- [DESCRIPTION OF THE TASK]:
Give every line of the data again, exactly as it is written.

(Beginning of DATASET CONTENT)

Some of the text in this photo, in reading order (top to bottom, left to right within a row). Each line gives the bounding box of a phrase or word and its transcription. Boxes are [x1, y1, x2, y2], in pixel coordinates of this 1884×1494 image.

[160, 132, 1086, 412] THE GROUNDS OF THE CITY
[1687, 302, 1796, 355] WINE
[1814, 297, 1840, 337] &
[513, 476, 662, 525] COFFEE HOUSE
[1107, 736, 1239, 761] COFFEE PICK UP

(End of DATASET CONTENT)

- [RESULT FOR THIS EXERCISE]:
Some of the text in this photo, in reading order (top to bottom, left to right within a row). Each line gives the bounding box of a phrase or word and its transcription. Boxes are [x1, y1, x2, y2], in pixel coordinates of this 1884×1494 image.

[160, 132, 1086, 412] THE GROUNDS OF THE CITY
[1687, 302, 1796, 355] WINE
[1814, 297, 1840, 337] &
[513, 476, 662, 525] COFFEE HOUSE
[1107, 736, 1239, 761] COFFEE PICK UP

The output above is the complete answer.